Angst vor der Dunkelheit.
Angst vor dem Sterben.
Ein vertrautes Gefühl. Kaum sechs Monate waren vergangen seit jener ersten Begegnung mit dem Tod. Auch damals war es dunkel gewesen. Auch damals hatte ihr die Hitze den Atem genommen. Dann waren die Stimmen gekommen. Ihnen waren Gesichter gefolgt und Hände, die sie aus den Trümmern ihres Elternhauses gezogen hatten.

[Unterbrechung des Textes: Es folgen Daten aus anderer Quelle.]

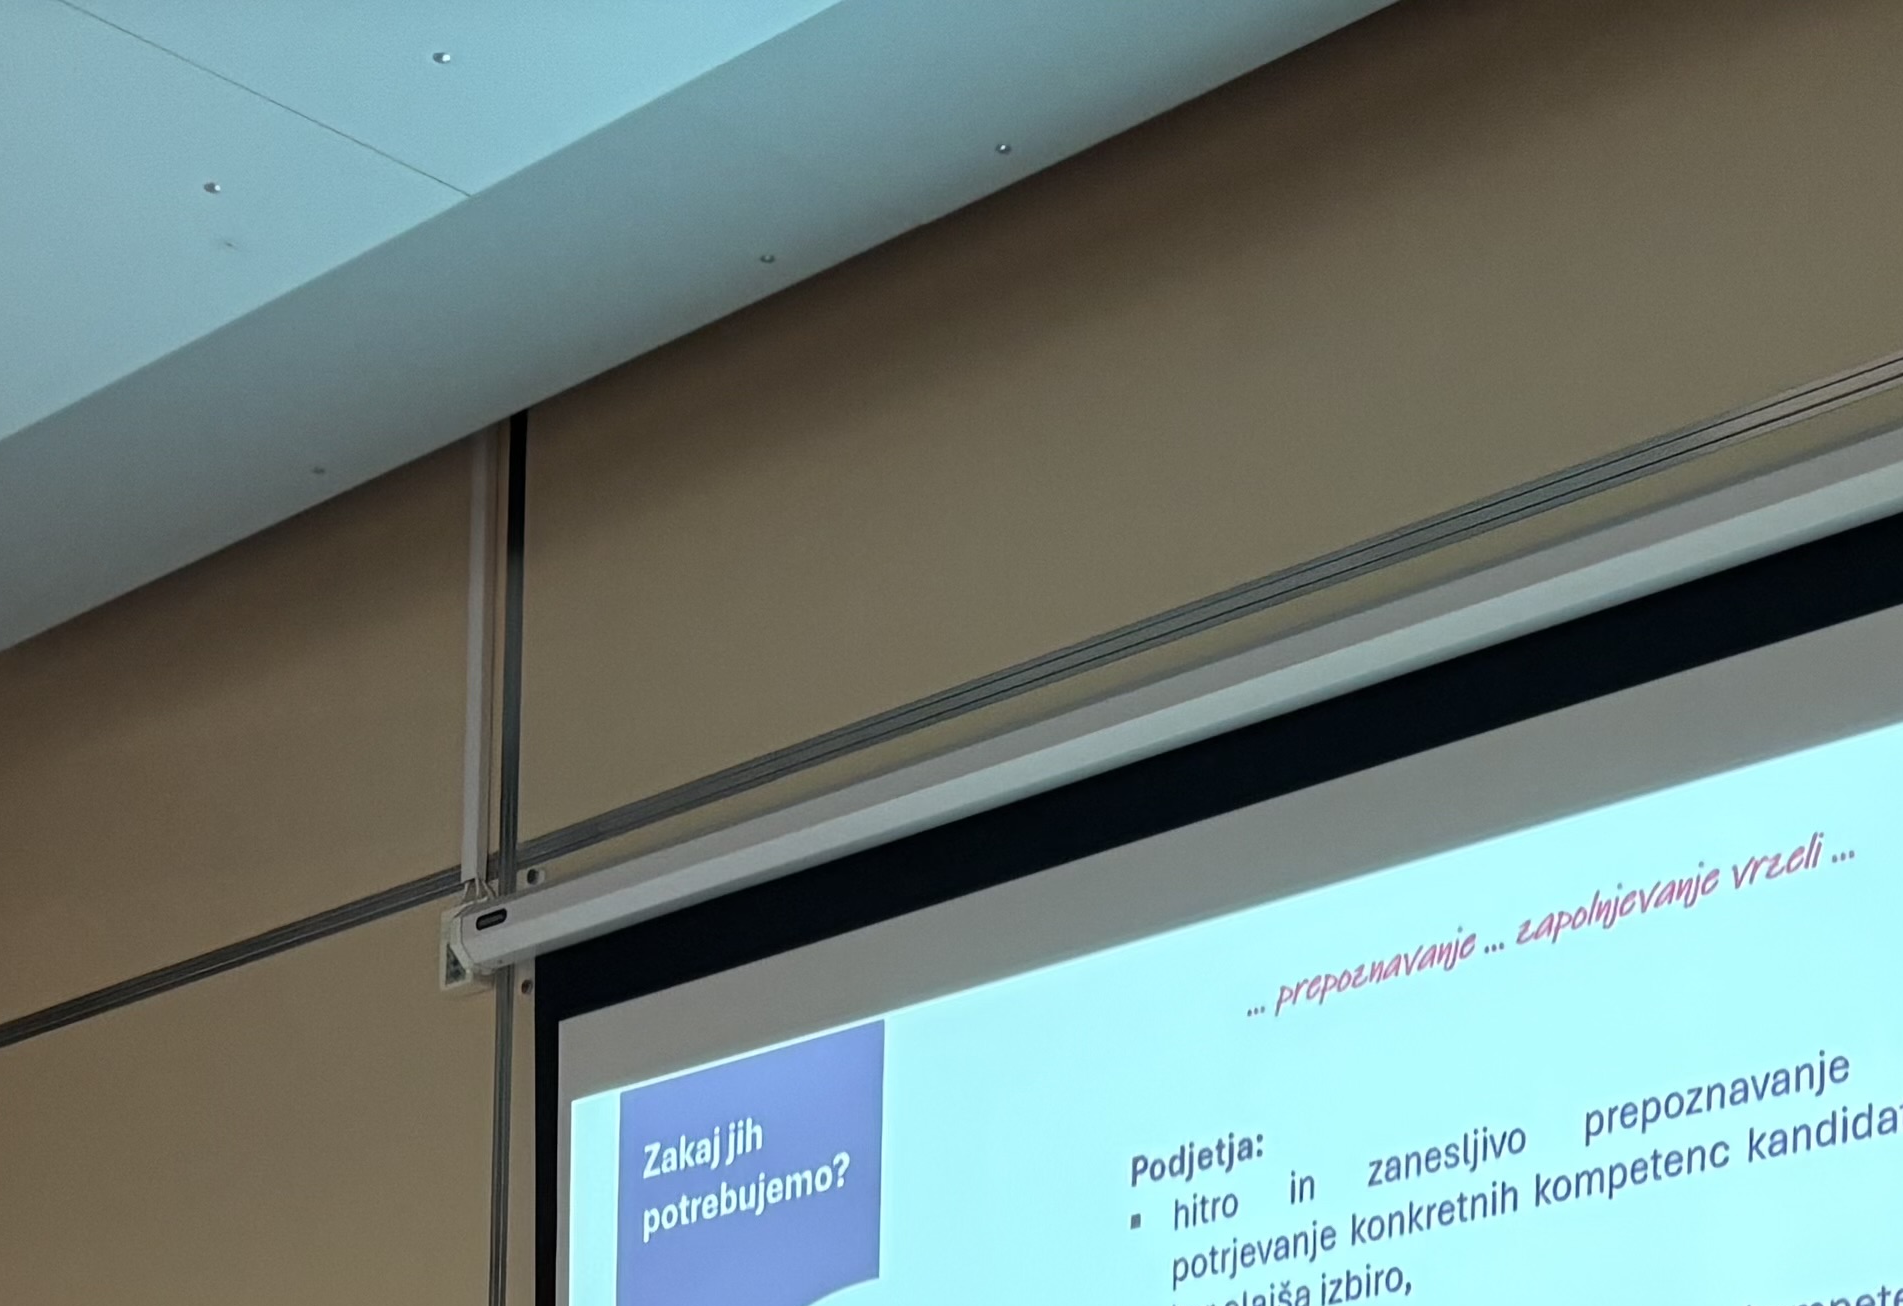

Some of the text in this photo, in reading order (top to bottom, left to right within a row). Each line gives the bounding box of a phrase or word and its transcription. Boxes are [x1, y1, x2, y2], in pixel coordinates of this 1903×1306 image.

[1275, 832, 1824, 1017] prepoznavanje zapolnjevanje vrzeli
[643, 1118, 762, 1179] Zakaj jih
[1132, 1133, 1263, 1187] Podjetja:
[1174, 1193, 1238, 1230] hitro
[1291, 1171, 1314, 1204] in
[1368, 1127, 1526, 1187] zanesljivo
[1585, 1050, 1849, 1147] prepoznavanje
[644, 1152, 849, 1243] potrebujemo?
[1173, 1220, 1336, 1291] potrjevanje
[1351, 1181, 1518, 1246] konkretnih
[1535, 1141, 1729, 1207] kompetenc
[1321, 1264, 1411, 1306] izbiro,

Jetzt lauschte sie wieder in die Dunkelheit, suchte nach Stimmen. Doch sie kamen nicht. Nur das beständige Rauschen vorbeifahrender Autos drang in ihr Gefängnis. Alle anderen Geräusche waren verstummt. Das Schluchzen der Erwachsenen, das Weinen der Kinder, das Röcheln nach Luft. All das war immer leiser, immer weniger geworden, je öfter der Tod jemanden geholt hatte.
Ja, sie waren alle tot! Sie wusste, dass es viele waren. Nach und nach waren sie gestorben. Männer und Frauen, Jungen und Mädchen. Manche erlagen der Hitze, manche ihrem schwachen Herzen. Die meisten aber waren erstickt.

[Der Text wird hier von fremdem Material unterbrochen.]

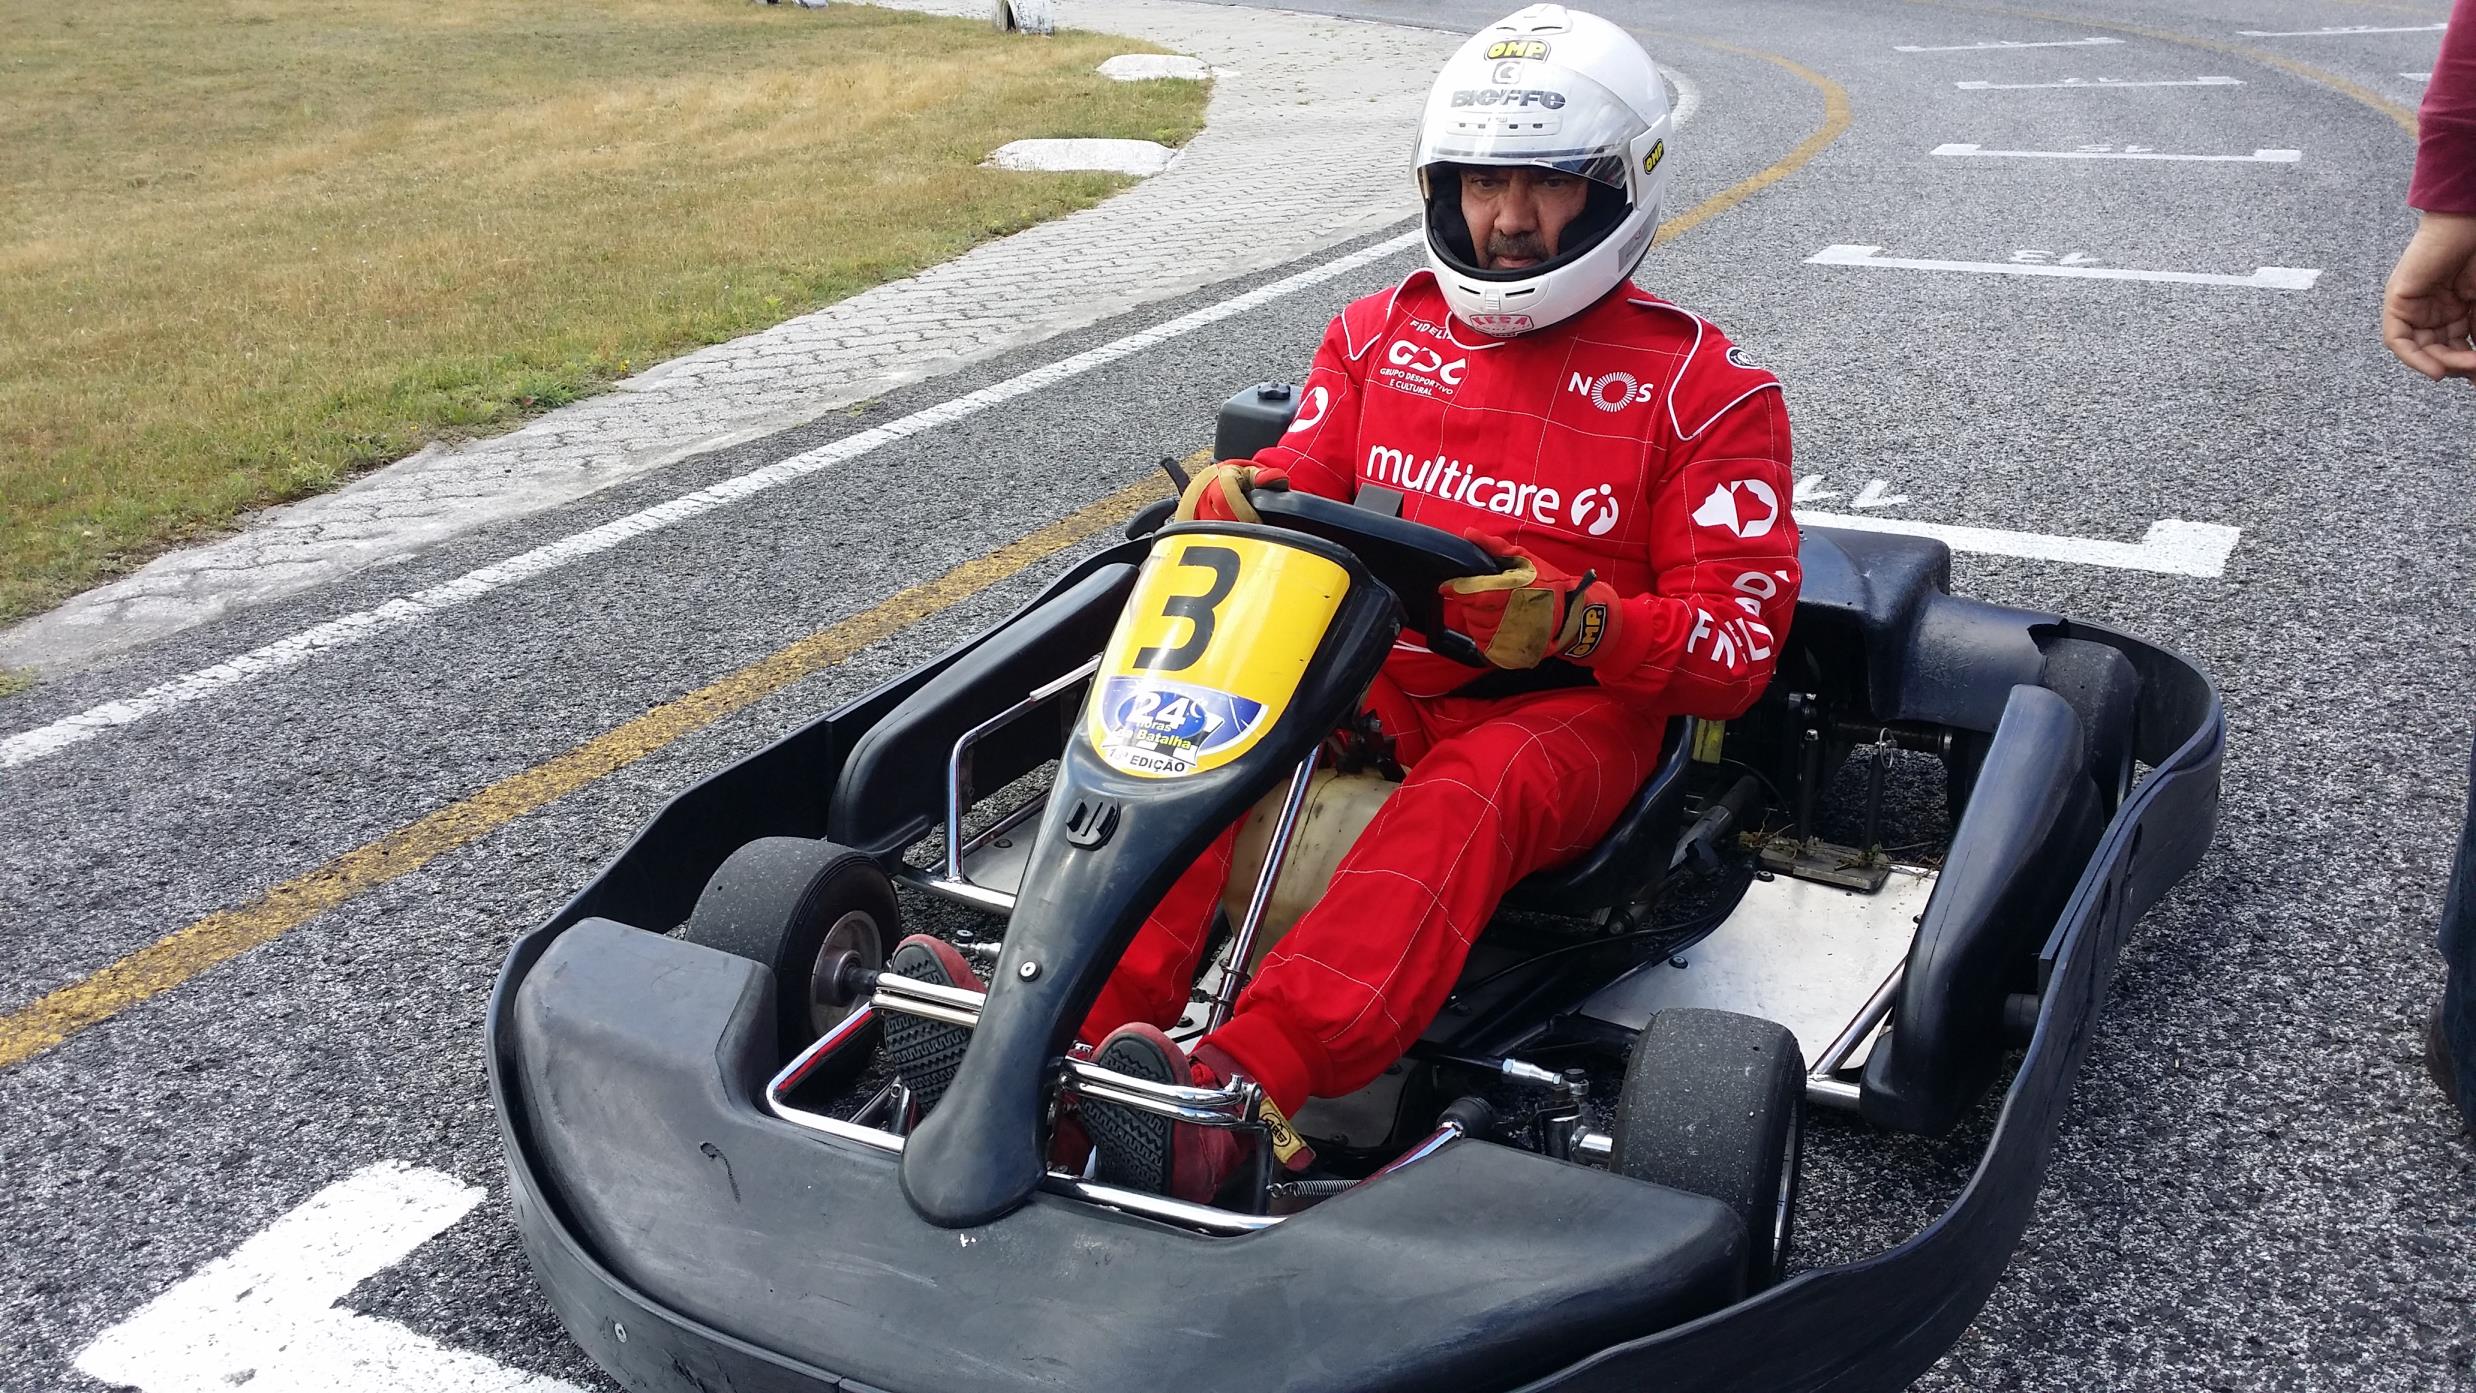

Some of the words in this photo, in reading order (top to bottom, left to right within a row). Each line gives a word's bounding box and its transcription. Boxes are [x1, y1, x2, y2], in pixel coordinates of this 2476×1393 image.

[1486, 40, 1548, 60] OMP
[1645, 140, 1664, 173] OMP
[1388, 339, 1467, 386] GDC
[1380, 367, 1405, 379] GRUPO
[1405, 372, 1454, 395] DESPORTIVO
[1389, 378, 1395, 387] E
[1395, 380, 1433, 396] CULTURAL
[1567, 371, 1654, 413] NOS
[1366, 444, 1560, 525] multicare
[1132, 546, 1241, 672] 3
[1572, 608, 1601, 655] OMP
[1127, 691, 1190, 730] 24
[1136, 729, 1192, 751] Batalha
[1130, 753, 1186, 773] EDIÇÃO

Ein gnädiger Tod, verglichen mit Khasibs Schicksal. Er war ihr Bruder gewesen. Er wurde nur drei Jahre alt.
Das Mädchen erinnerte sich an das große Fest, das ihr Vater gegeben hatte, als ihre Mutter Zwillinge geboren hatte. Jungen! Das nächste Fest zu Ehren der beiden würde eine Beerdigung sein.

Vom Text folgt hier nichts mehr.